L’enseignement entre la foi, la bonne loi et le mauvais aloi




L’enseignement entre la foi, la bonne loi et le mauvais aloi

Saaïd Amzazi est un homme très occupé… ses journées sont aussi longues que son titre officiel. Il est en effet ministre de l'Éducation nationale, de la Formation professionnelle, de l'Enseignement supérieur et de la Recherche scientifique, et à ce titre, il est en charge de la jeunesse de ce pays. Lui, il croit à son job, et il y va… mais le problème est que la jeunesse y croit moins, et elle s’en va.
 

Si on part du principe que les grandes choses ne se font pas sans heurts, alors notre ministre fait le boulot. Depuis un an, les grèves et contestations s’accumulent : grogne des enseignants, de moins en moins contractuels mais de plus en plus virtuels… colère des étudiants en médecine, ceux du public voulant étudier en privé et ceux du privé râlant et étalant leur colère en public… Année blanche qui menace en facultés de médecine… Suspension de professeurs ayant pris fait et cause pour leur étudiants et soutien de ces professeurs par leurs pairs…

Bon, il y a quand même une bonne nouvelle, les résultats du bac… Contrairement aux années précédentes, le taux de réussite a taquiné les 65% que le taux de participation électoral n’atteindra jamais.

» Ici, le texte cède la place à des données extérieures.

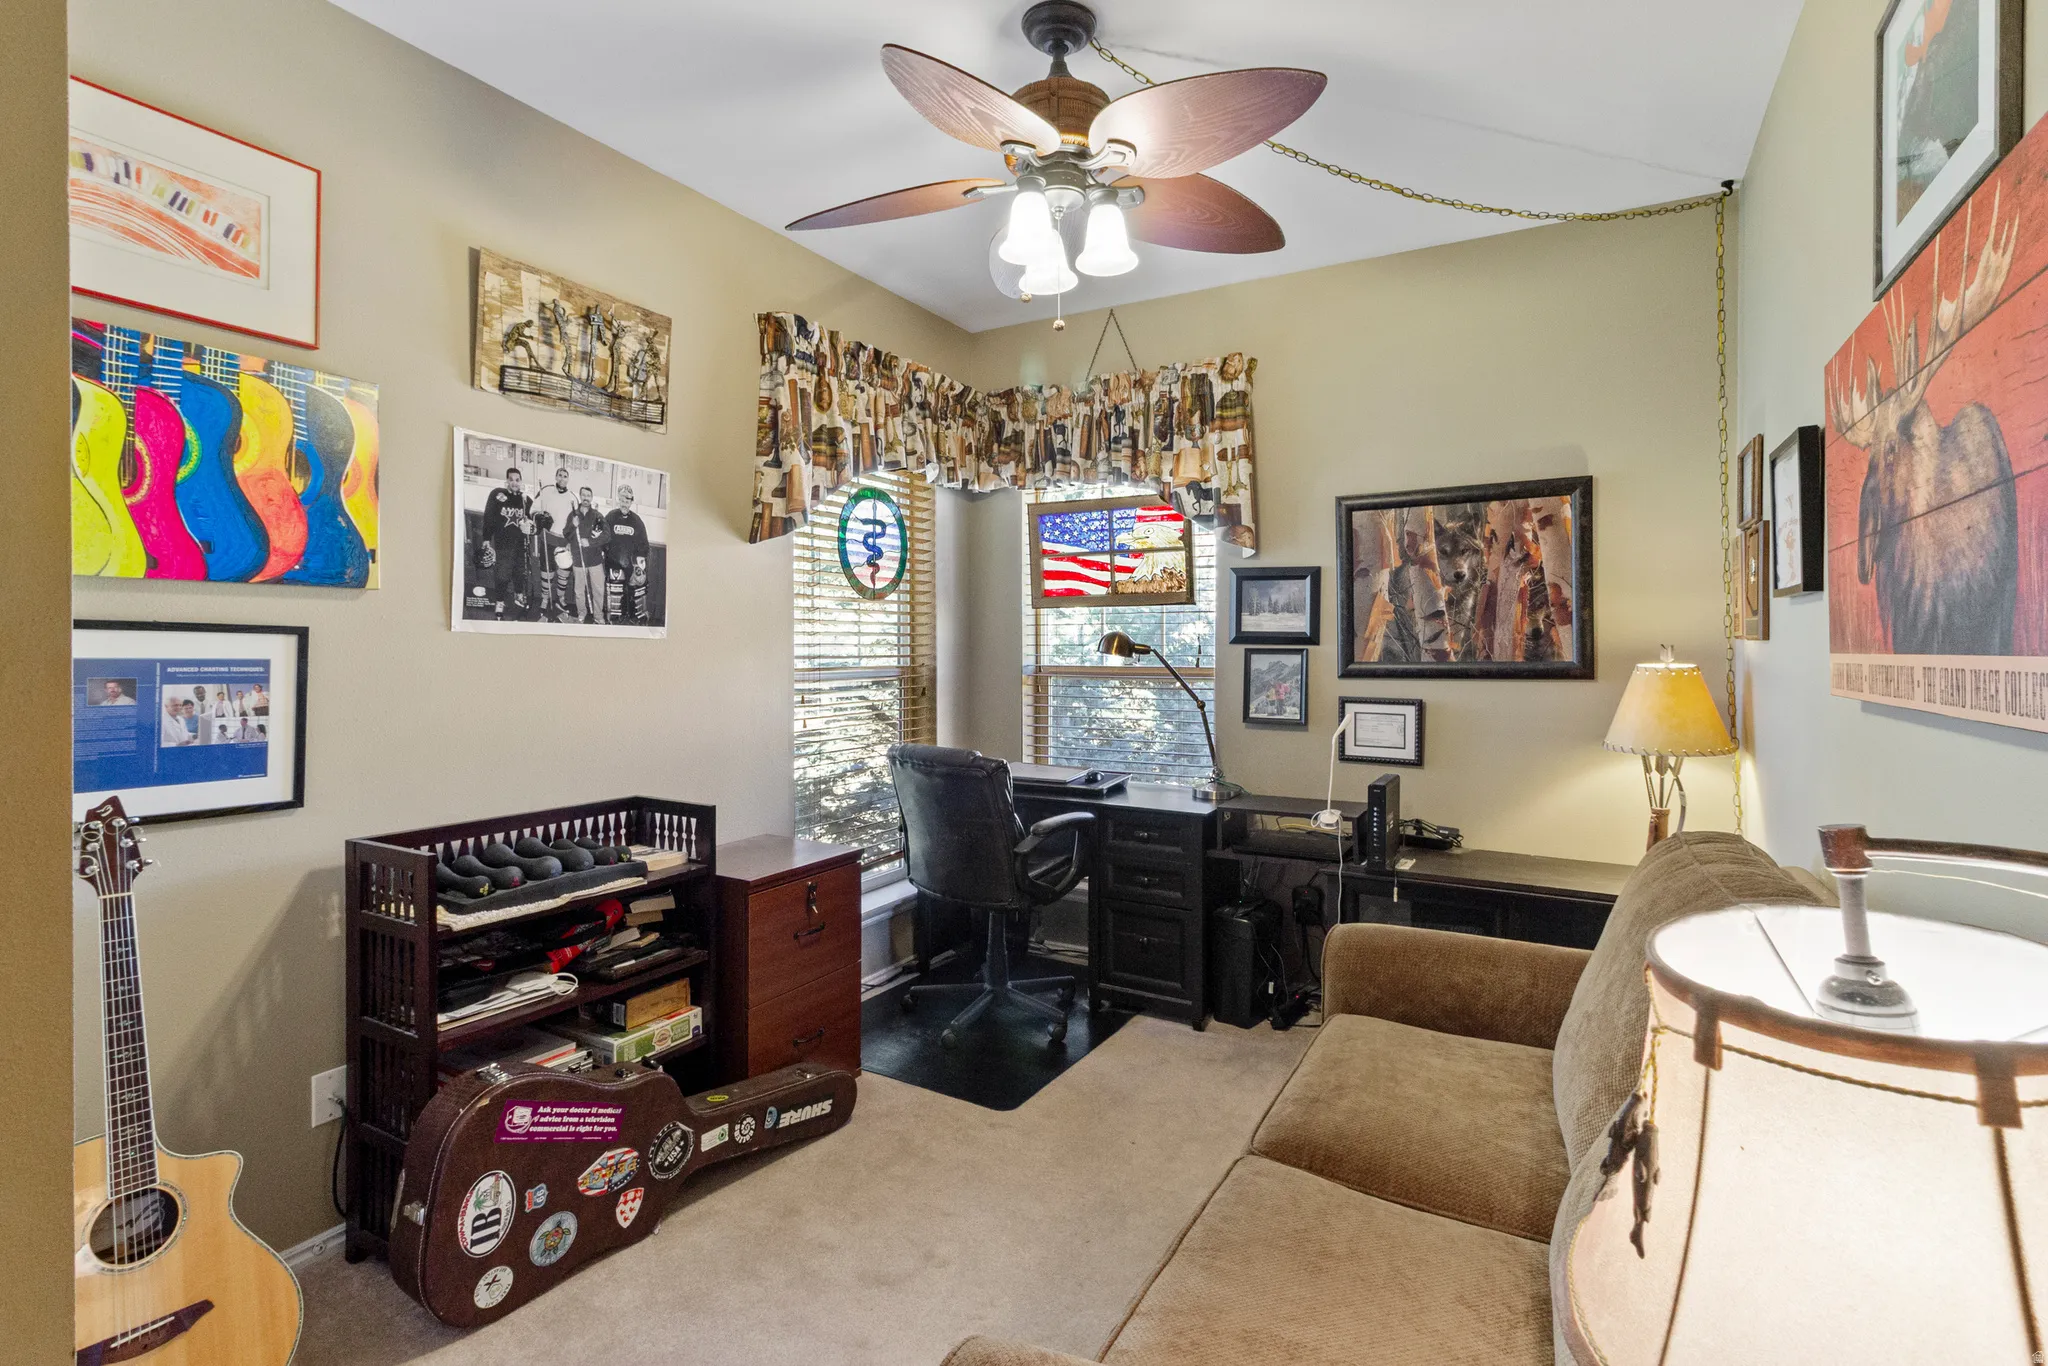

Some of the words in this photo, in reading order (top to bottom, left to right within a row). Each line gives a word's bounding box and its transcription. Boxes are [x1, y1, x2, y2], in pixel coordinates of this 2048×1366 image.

[1922, 666, 1937, 704] THE
[1939, 667, 1966, 709] GRAND
[1969, 669, 2001, 714] IMAGE
[569, 1106, 591, 1114] doctor
[780, 1099, 833, 1128] SHURE
[667, 1146, 681, 1162] USA
[580, 1158, 638, 1188] PEACE
[536, 1189, 545, 1203] 66
[470, 1207, 502, 1250] IB
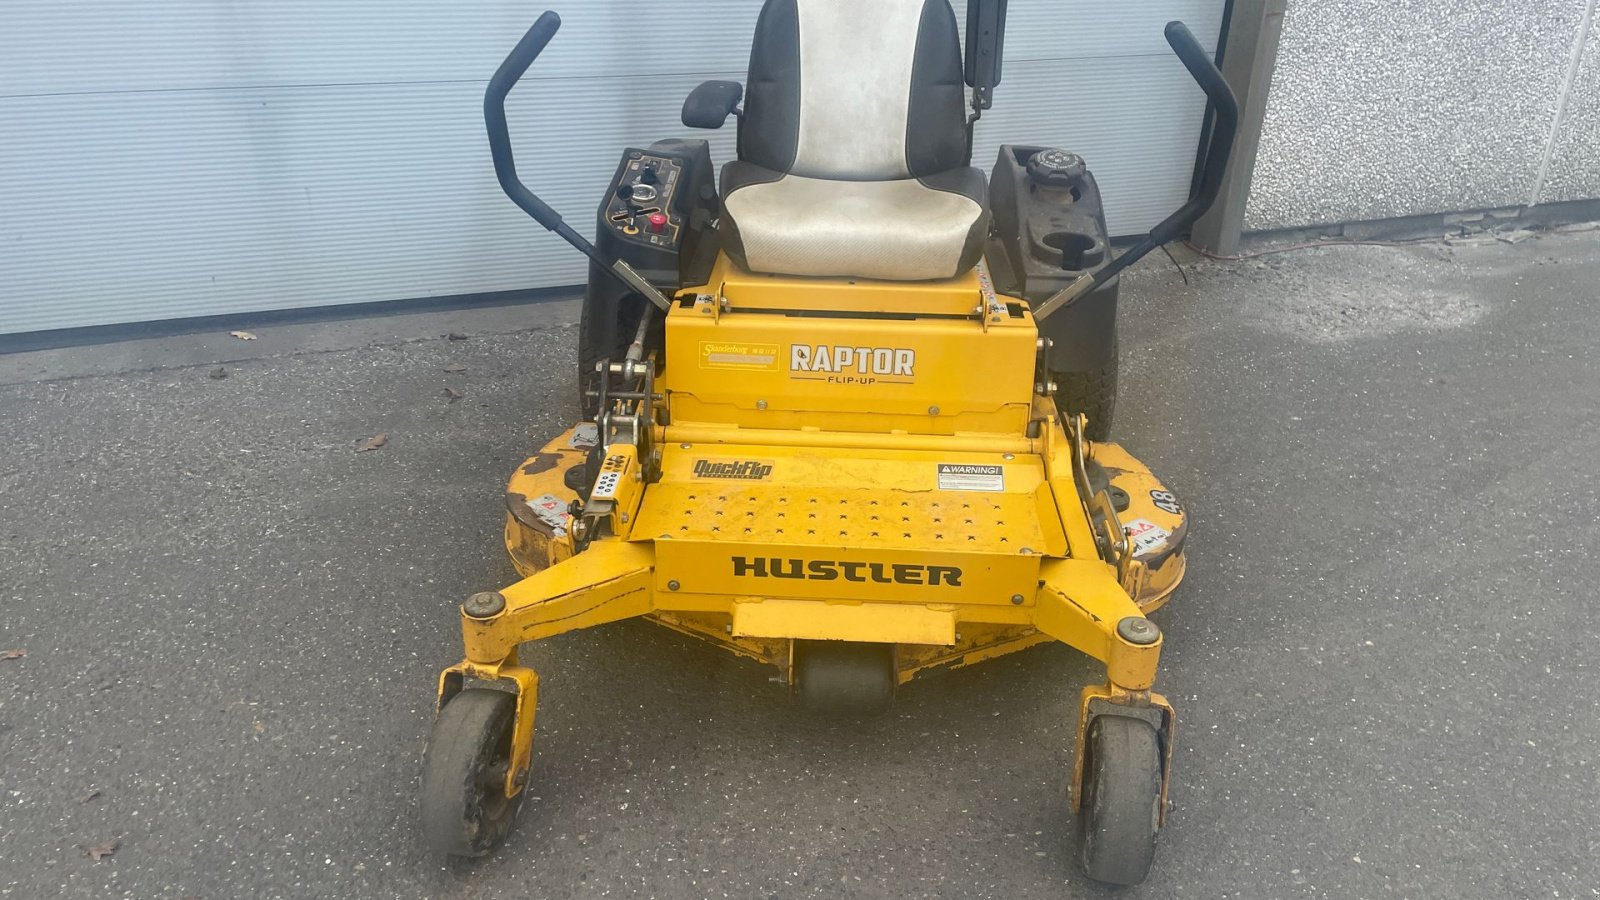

Et pas beaucoup de triche… l’autre bonne nouvelle est que le ministre Saaïd Amzazi, un homme du secteur puisqu’il a été recteur, enchaîne les réunions et les rencontres, même s’il ne rencontre pas toujours le succès escompté.

La mauvaise nouvelle, en revanche, est cette loi sur l’enseignement, connue sous son nom de code 51-17, qui n’en finit pas de mourir dans les couloirs du parlement. Et là, M. Amzazi doit gérer la zizanie partisane au sein de sa majorité. Il ne peut bien évidemment pas compter sur l’appui de son parti le MP (Mouvement populaire, ou si l’on veut Mutisme permanent) qui, mû par un courage ahurissant et une audace inouïe, a pondu un « communiqué de soutien », dans lequel il… soutient.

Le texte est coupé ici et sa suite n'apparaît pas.